Mais on ne décourageait pas comme cela l’Honorable Peter :

— Du tout, du tout ! À ne vous rien cacher, j’éprouve beaucoup d’intérêt pour le cinéma et, d’un autre côté, j’ai assez envie de revoir ce vieil Hever. Allons donc observer ce que ces gens ont repêché, après quoi nous grignoterons quelque chose avant de nous mettre en route.

— Ces messieurs préféreraient peut-être grignoter avant, proposa Finch. Ce n’est pas parce qu’on est dans le ciné qu’on a l’estomac solide.

— Si c’est le cas, le meilleur moyen d’arranger cela c’est encore un bon vieux whisky... et nous n’en manquons pas !

— Il nous arrive aussi de tourner des films d’horreur ! affirma Adalbert. Alors, pour l’estomac, ça devrait aller. Et puis ce cadavre bizarre pourrait peut-être nous donner une idée pour un prochain film !

— Voilà qui est parlé, conclut Sa Seigneurie. On y va !

Si curieuse qu’elle soit, la foule générée par un village de pêcheurs n’est jamais très dense. Il en venait bien de partout, mais les deux puissantes voitures – surtout la Bentley discrètement armoriée ! – n’eurent pourtant guère de peine à se frayer un passage jusqu’au port où les trois ou quatre policiers locaux étaient en train de contrôler l’accès à la barque dans laquelle reposait le cadavre inconnu. Celui-ci aurait dû normalement être recouvert, mais deux hommes, penchés sur lui, l’examinaient. L’un était le médecin légiste, mais l’autre arracha une grimace de contrariété à l’Honorable Peter. Aldo l’entendit marmotter :

— Qu’est-ce qu’il fait là, celui-là ?

Puis plus haut, s’adressant à l’un de ceux qui, le cou tendu, s’efforçaient d’en voir le plus possible :

— Il y a combien de temps qu’on a repêché ce pauvre bougre ?

— Une heure à peu près !

— Et Scotland est déjà là ? Cela tient du miracle.

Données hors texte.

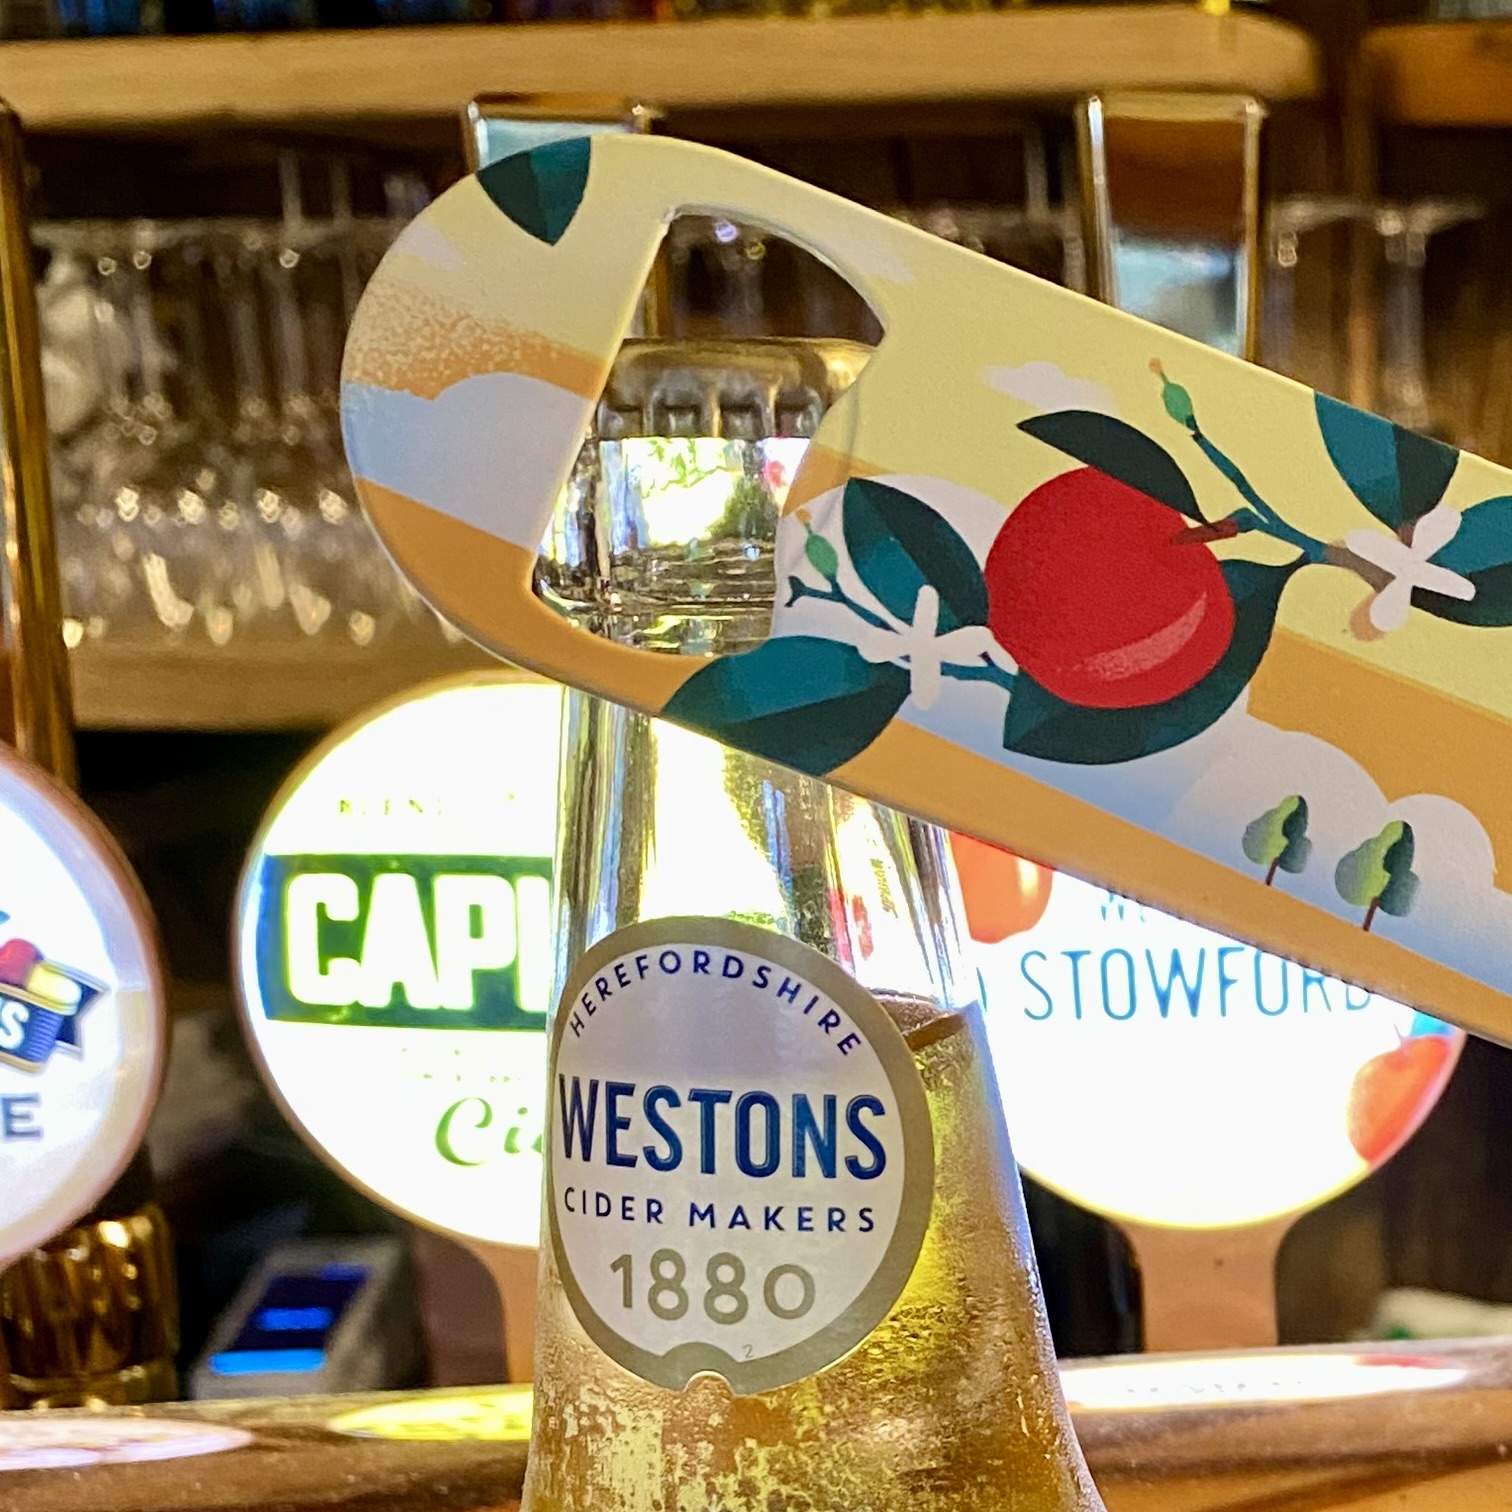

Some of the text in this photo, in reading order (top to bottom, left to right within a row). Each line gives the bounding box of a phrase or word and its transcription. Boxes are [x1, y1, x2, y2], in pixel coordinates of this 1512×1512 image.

[570, 950, 862, 1056] HEREFORDSHIRE
[434, 1097, 543, 1167] Ci
[559, 1073, 887, 1180] WESTONS
[564, 1187, 875, 1233] CIDER MAKERS
[610, 1248, 816, 1326] 1880

— Scotland Yard ? s’extasia Adalbert. Le gratin de la police anglaise ? Vous êtes sûr ?

— Très sûr ! C’est même le patron ! Enfin le nouveau, parce que j’espère bien qu’il ne le restera pas longtemps !

Toujours aussi candide, Adalbert releva ses sourcils jusqu’au milieu du front, ce qui le fit disparaître dans l’ombre de son béret.

— On dirait que vous ne l’aimez pas ?

Pour un instant, Sa Seigneurie délaissa son côté un peu farfelu :

— Il me serait tout à fait indifférent s’il ne remplaçait pas le meilleur flic du siècle. À la suite d’une blessure, Gordon Warren gît sur un lit d’hôpital où il risque de rester encore un moment. Alors on a pris son second : un homme buté, vaniteux, mais qui doit avoir des relations.

— Comment a-t-il fait pour être sur les lieux si vite ? Il y a tout de même un bout de chemin depuis Londres ?

— Ça, je l’ignore ! Il a peut-être de la famille dans le coin ! On dit qu’il s’est juré de commencer sa « carrière » par un coup d’éclat en mettant sous les verrous un type aussi connu que Morosini.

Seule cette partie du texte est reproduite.